Tri-C Helping to Revive Manufacturing Apprenticeships Through New Program
“Early College, Early Career” fast-tracks high-school students into manufacturing careers
Apprenticeships are making a comeback, and Cuyahoga Community College (Tri-C®) is among the schools at the forefront of making it happen.
Tri-C is turning manufacturing apprenticeships into a viable career-training option as part of the “Early College, Early Career” (ECEC) program. The program, created by the Manufacturing Advocacy and Growth Network (MAGNET), is available to upperclassmen at seven high schools in Cuyahoga, Lake and Lorain counties.
ECEC aims to address worker shortages in the manufacturing industry while minimizing or eliminating student debt.
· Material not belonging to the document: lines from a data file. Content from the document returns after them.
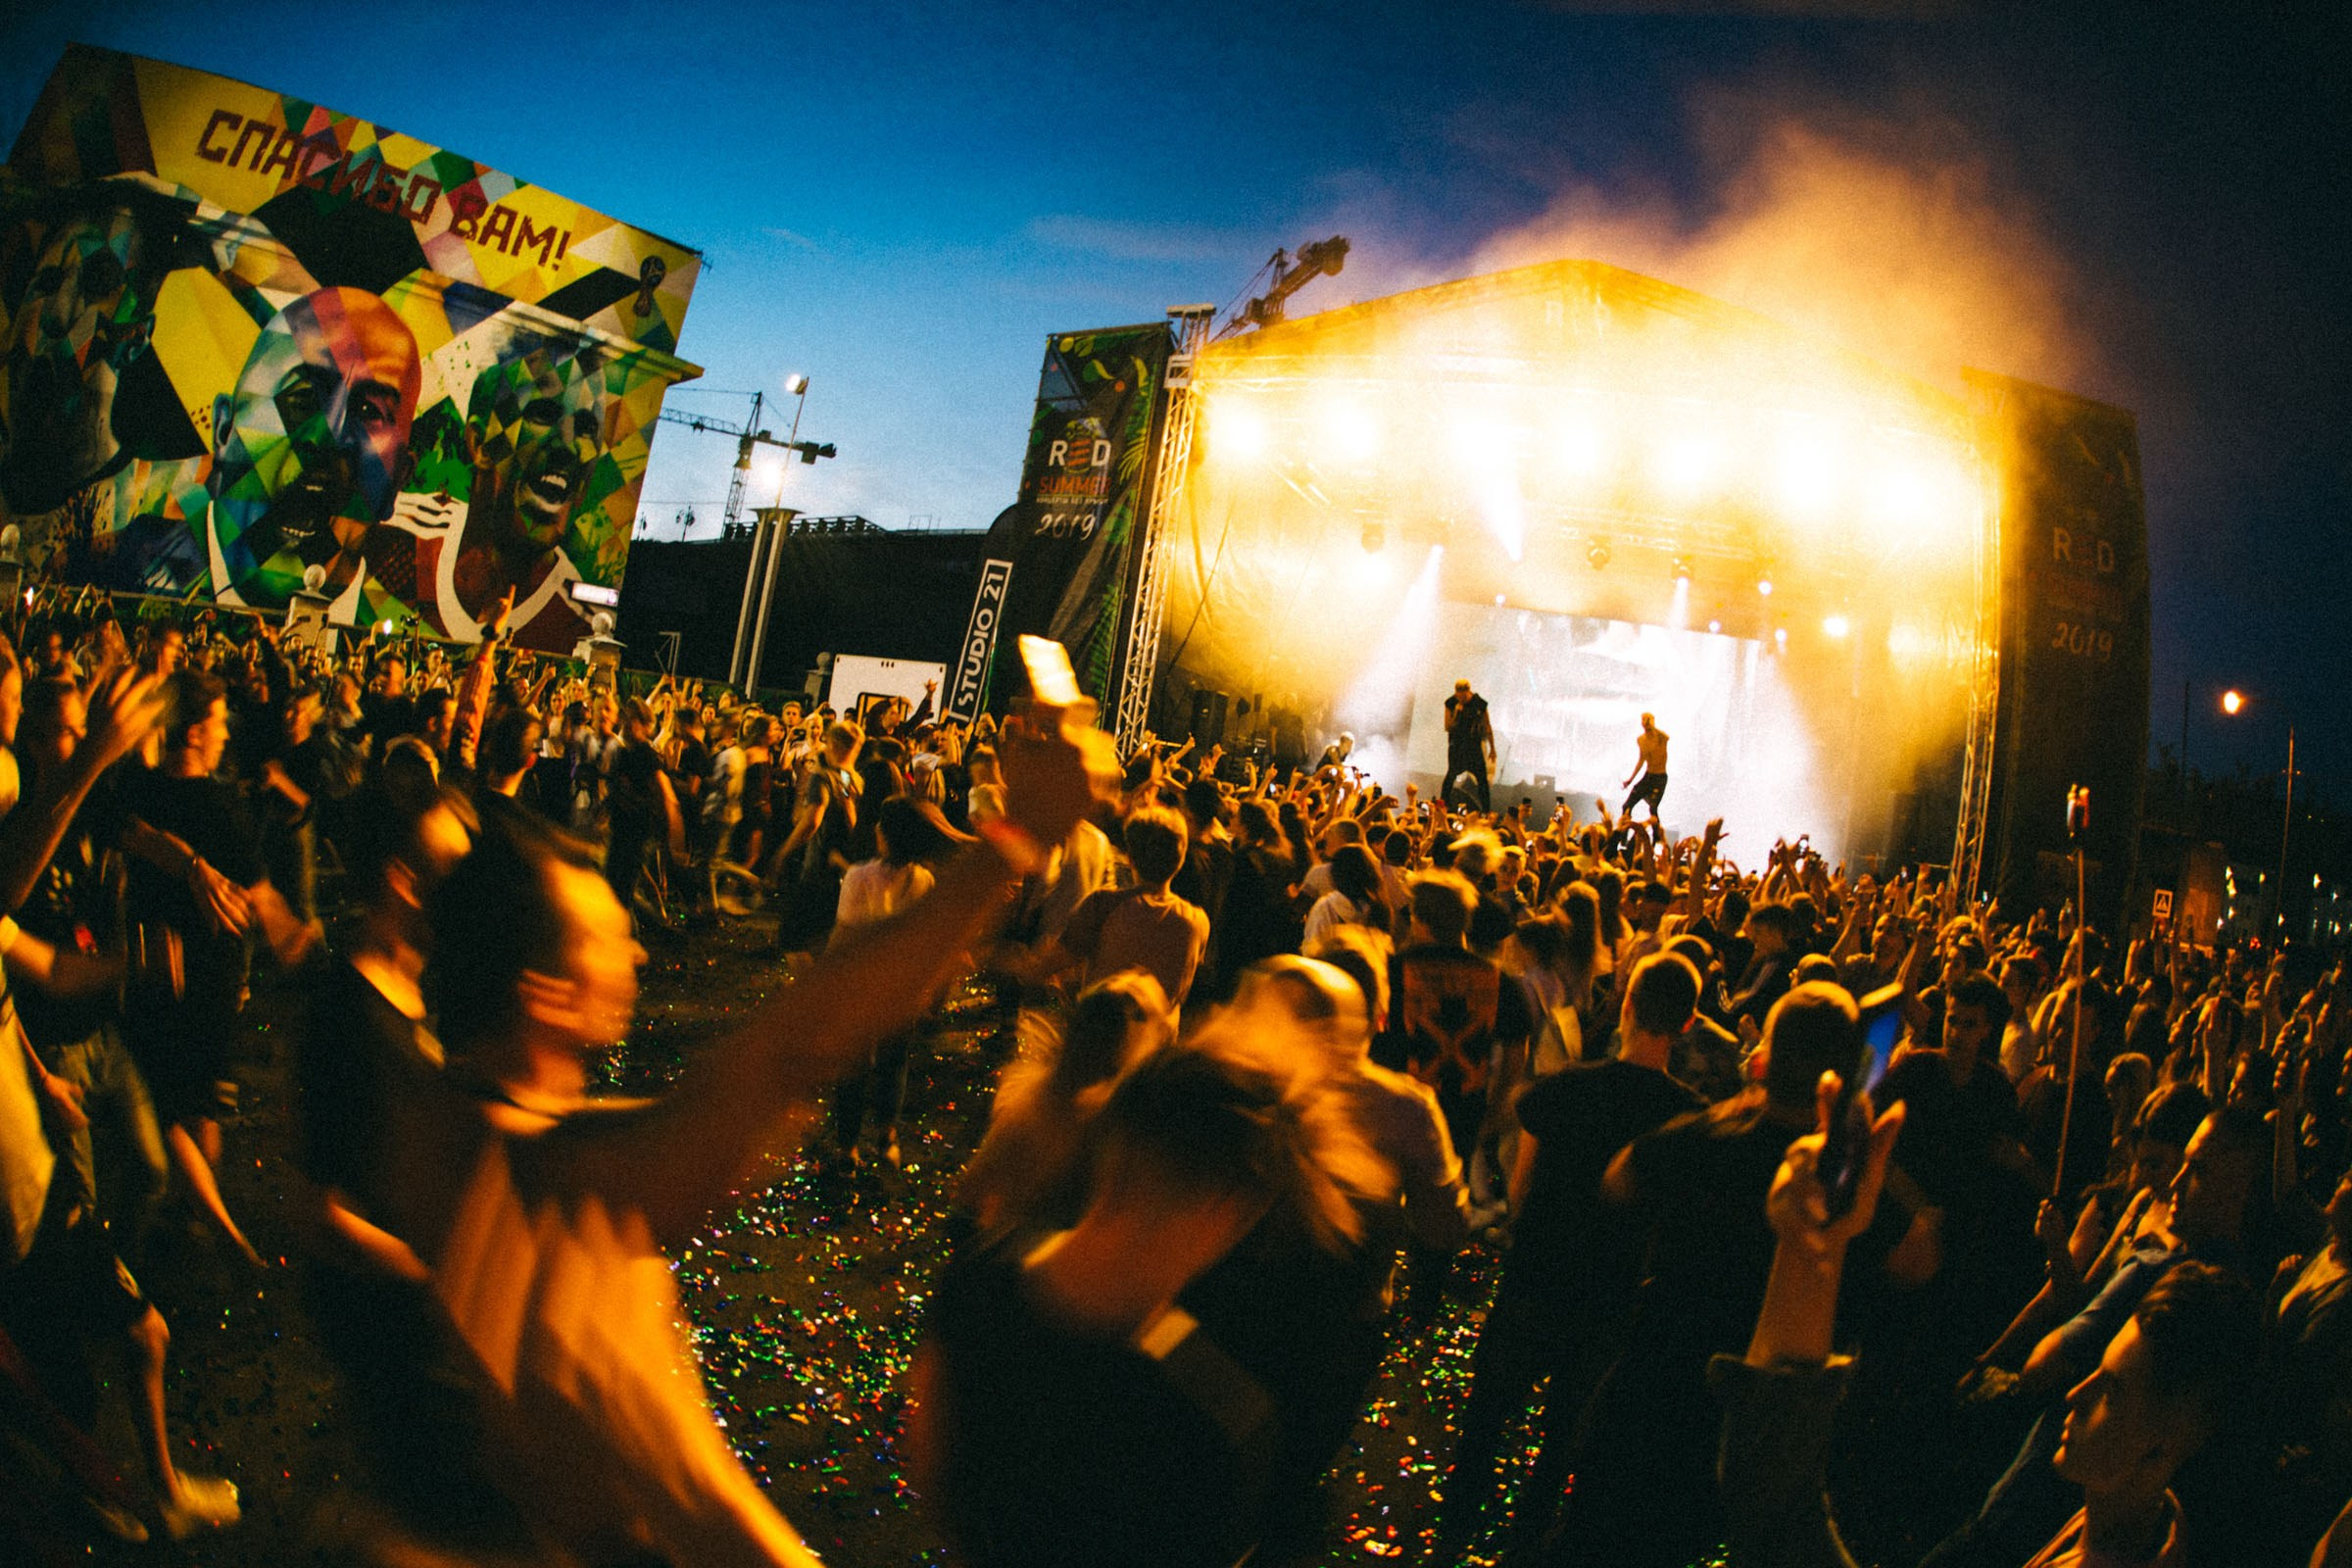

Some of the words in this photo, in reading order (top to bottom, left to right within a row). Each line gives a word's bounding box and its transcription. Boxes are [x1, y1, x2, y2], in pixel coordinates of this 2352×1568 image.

[196, 108, 442, 225] СПАСИБО
[451, 193, 571, 271] ВАМ!
[1049, 438, 1111, 466] RED
[1035, 514, 1096, 541] 2019
[957, 608, 994, 707] STUDIO
[983, 572, 1004, 602] 21
[2052, 621, 2114, 662] 2019
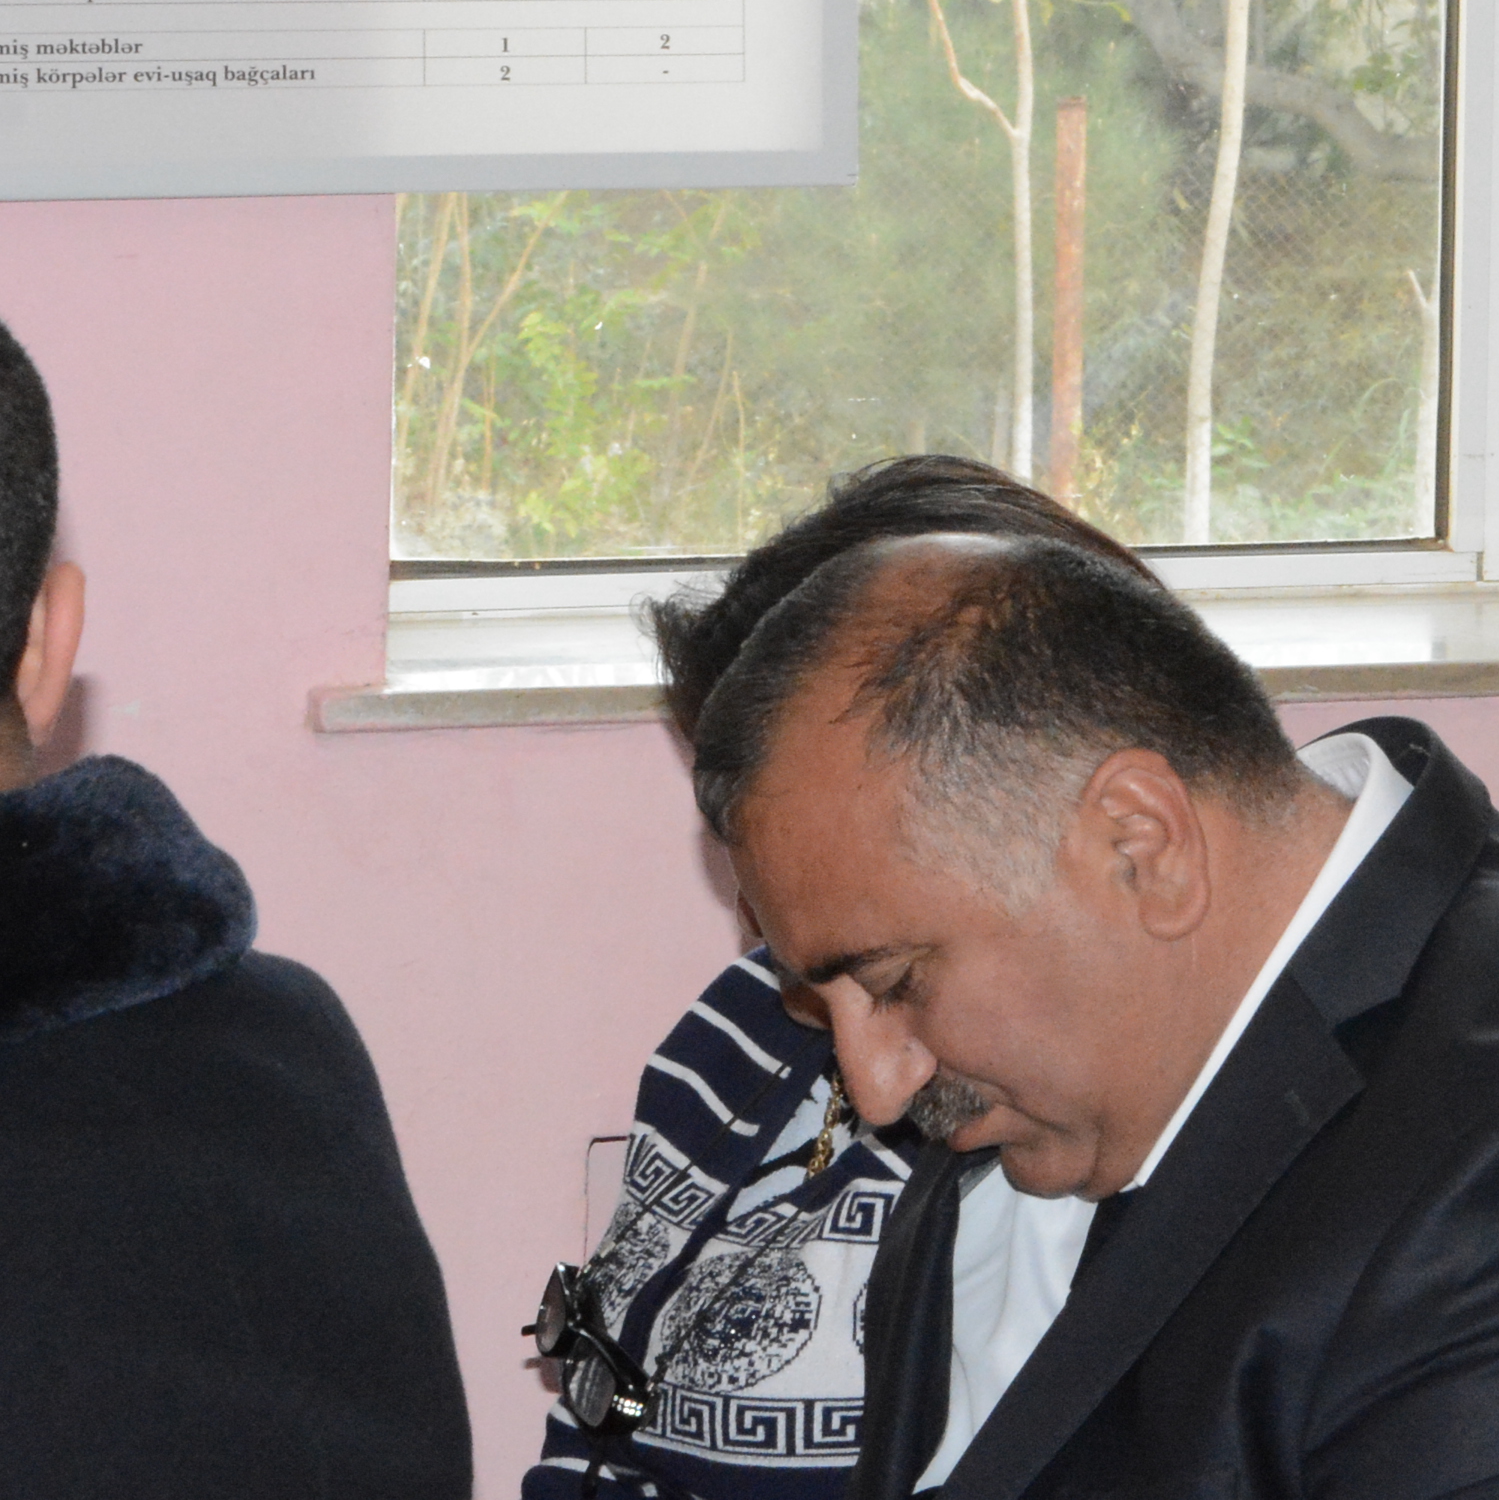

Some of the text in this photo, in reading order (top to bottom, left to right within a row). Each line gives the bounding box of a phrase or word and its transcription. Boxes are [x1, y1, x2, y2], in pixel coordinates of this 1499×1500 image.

Tri-C and Lorain County Community College are playing key roles in the program.
Students attend class at Tri-C or LCCC twice a week in addition to beginning a two-year paid internship at a local business during their junior year. The internship includes full-time work in the summer. After high-school graduation, ECEC students typically entertain job offers.
The program’s first graduating class is already working in the manufacturing field. The success stories include Tri-C student Julian Harris, 19, who is a stock keeper and assembler at Lincoln Electric.
In a recent segment on News 5 Cleveland, Harris spoke about the career options available to him with his newfound training, which he is continuing at Lincoln Electric through classes at Tri-C.
“(After finishing at Tri-C), I could come back and help (Lincoln Electric), or I could start my own business," he told News 5 Cleveland.
Data from the U.S. Department of Labor shows a steady rise in apprenticeships over the past six years. In 2018, there were an estimated 585,000 apprenticeships nationwide. About 19,000 of them were in Ohio.